• **YOUR ASSIGNMENT**
If a record holds a picture, drop the picture and copy everything else exactly.

• **RECORDS FOR THIS EXERCISE**
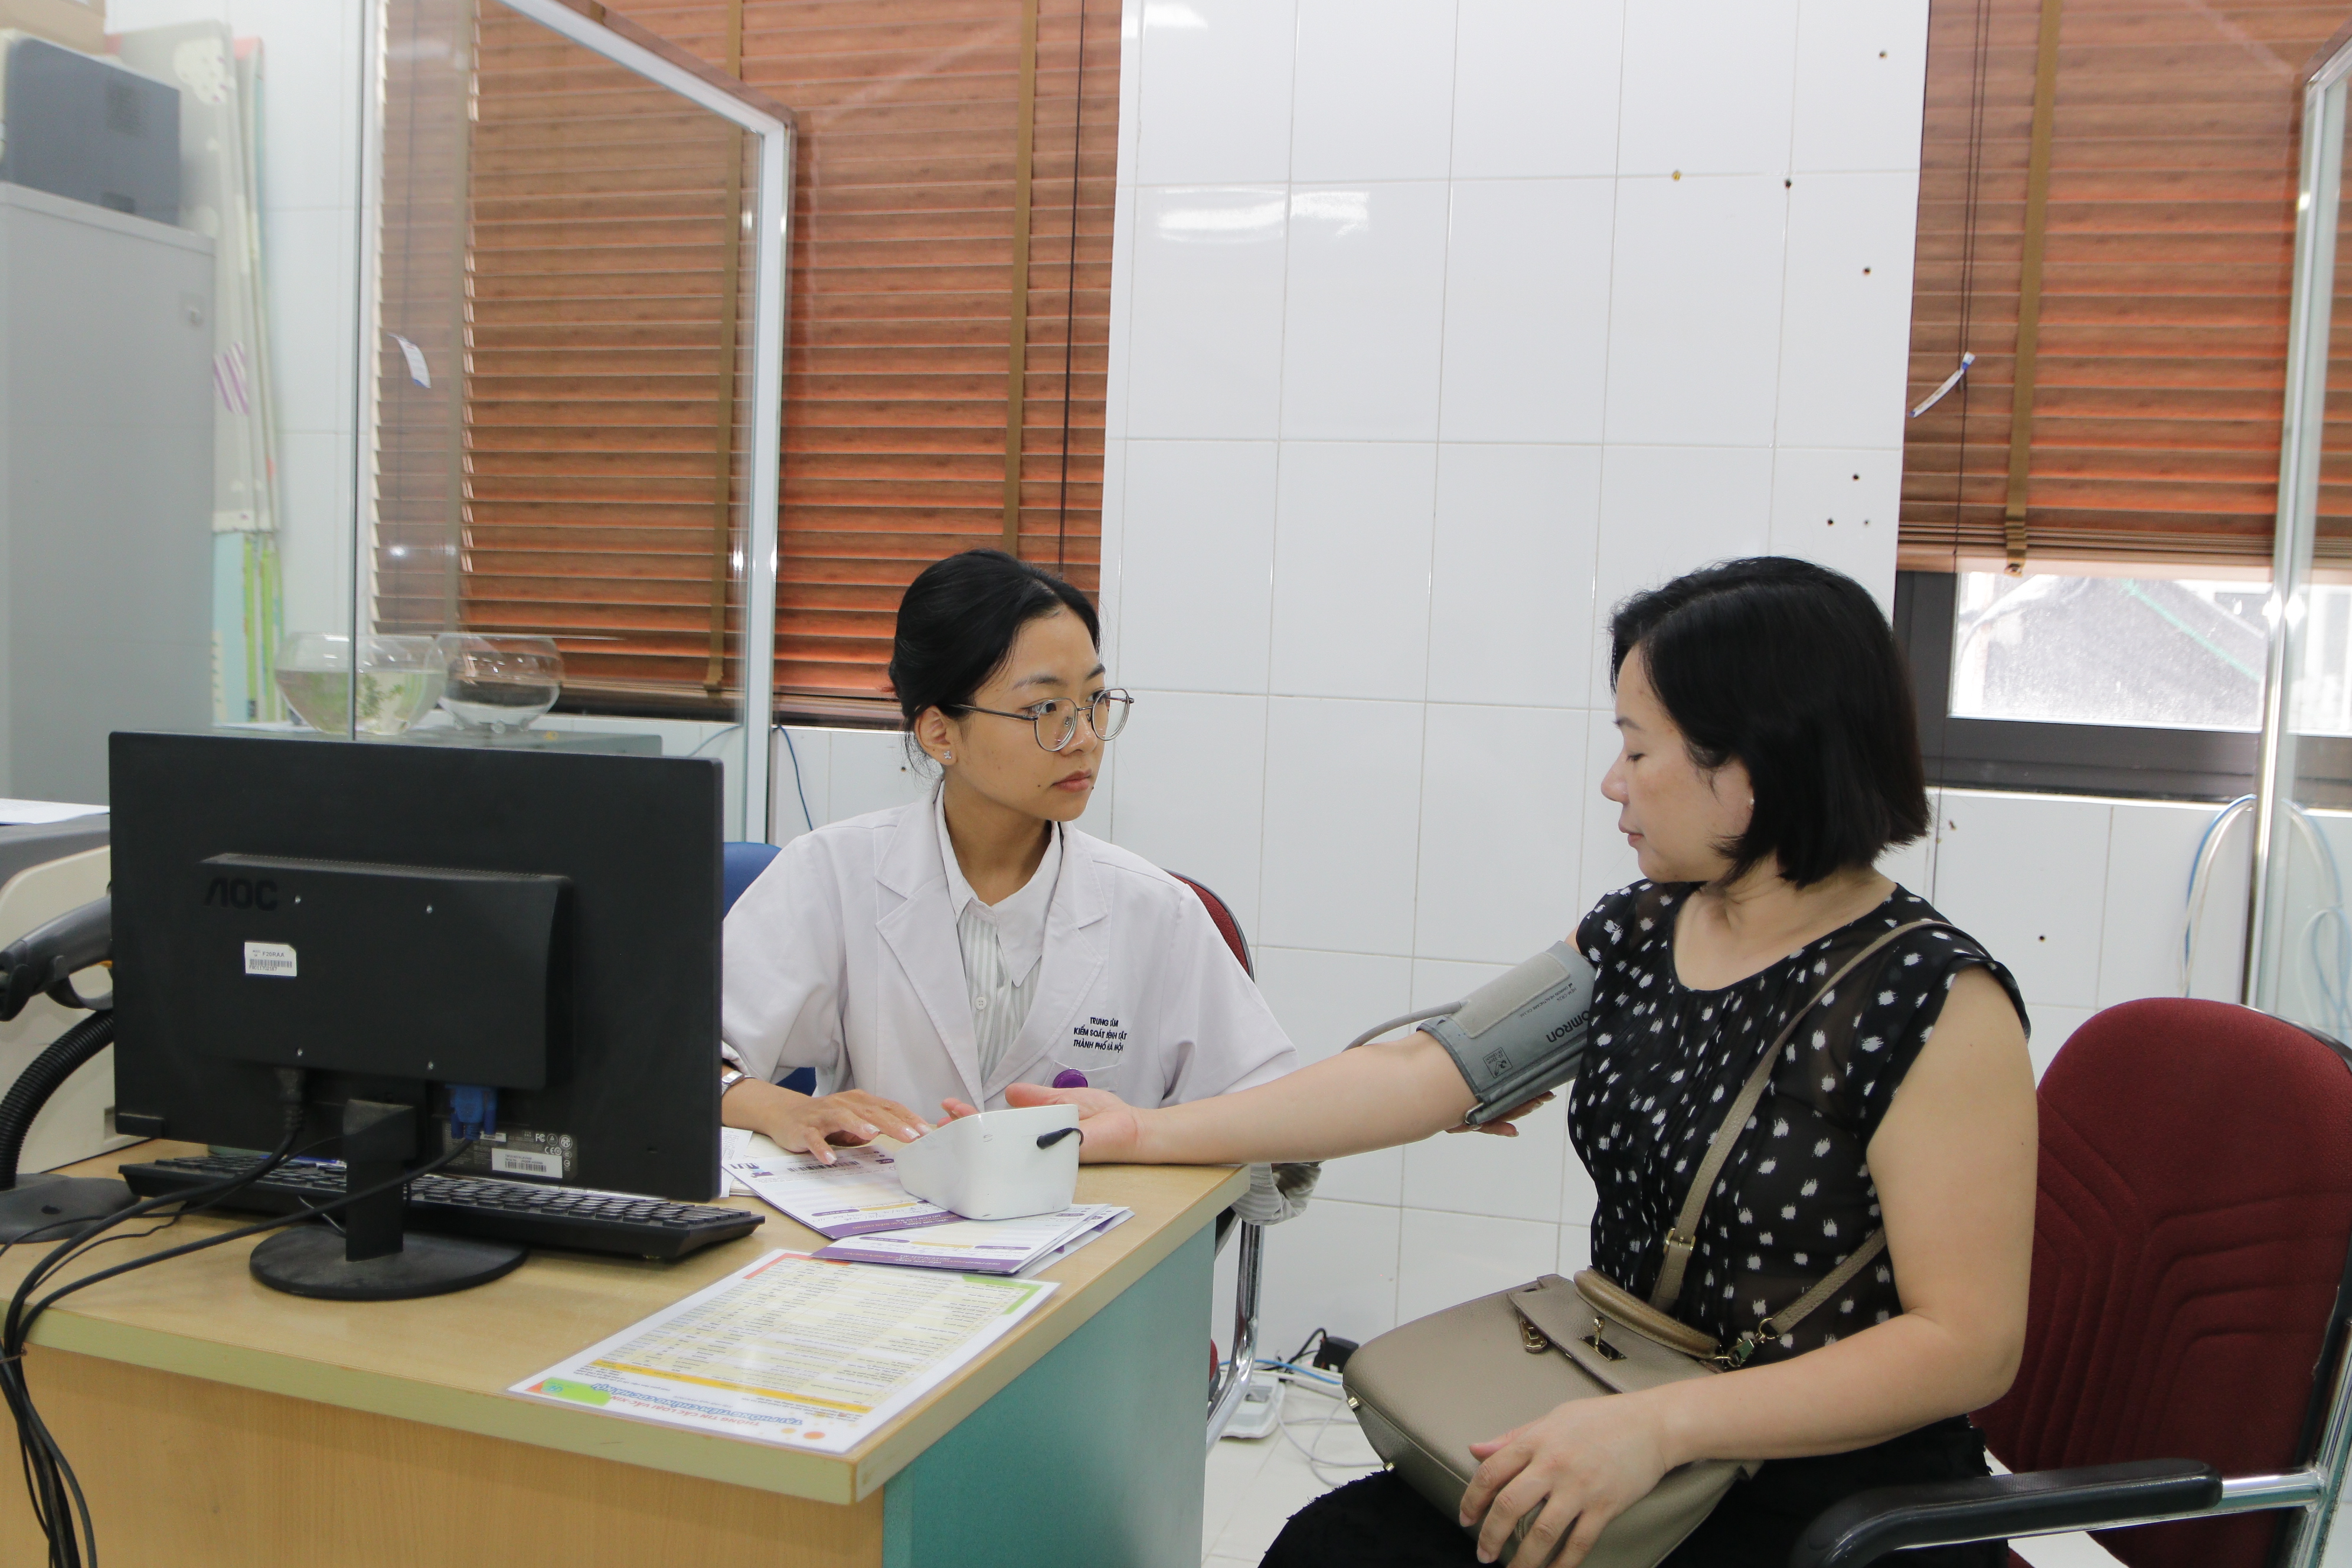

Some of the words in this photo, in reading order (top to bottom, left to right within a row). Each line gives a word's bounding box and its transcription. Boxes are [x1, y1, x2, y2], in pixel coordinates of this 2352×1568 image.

[1090, 1017, 1109, 1026] TRUNG
[1546, 1010, 1589, 1043] OMRON
[1074, 1024, 1089, 1036] KIỂM
[1090, 1029, 1105, 1038] SOÁT
[1106, 1030, 1118, 1041] BỆNH
[1073, 1038, 1094, 1048] THÀNH
[1095, 1040, 1108, 1050] PHỐ
[1107, 1042, 1113, 1051] HÀ
[1113, 1043, 1124, 1053] NỘI
[591, 1383, 614, 1391] NỘI
[610, 1396, 650, 1407] VẮC-XIN
[629, 1393, 656, 1402] CDC
[698, 1406, 730, 1415] TIÊM
[721, 1417, 759, 1426] THÔNG
[778, 1417, 803, 1425] TẠI

• **OUTPUT FOR THIS TASK**
Some of the words in this photo, in reading order (top to bottom, left to right within a row). Each line gives a word's bounding box and its transcription. Boxes are [x1, y1, x2, y2], in pixel coordinates of this 2352×1568 image.

[1090, 1017, 1109, 1026] TRUNG
[1546, 1010, 1589, 1043] OMRON
[1074, 1024, 1089, 1036] KIỂM
[1090, 1029, 1105, 1038] SOÁT
[1106, 1030, 1118, 1041] BỆNH
[1073, 1038, 1094, 1048] THÀNH
[1095, 1040, 1108, 1050] PHỐ
[1107, 1042, 1113, 1051] HÀ
[1113, 1043, 1124, 1053] NỘI
[591, 1383, 614, 1391] NỘI
[610, 1396, 650, 1407] VẮC-XIN
[629, 1393, 656, 1402] CDC
[698, 1406, 730, 1415] TIÊM
[721, 1417, 759, 1426] THÔNG
[778, 1417, 803, 1425] TẠI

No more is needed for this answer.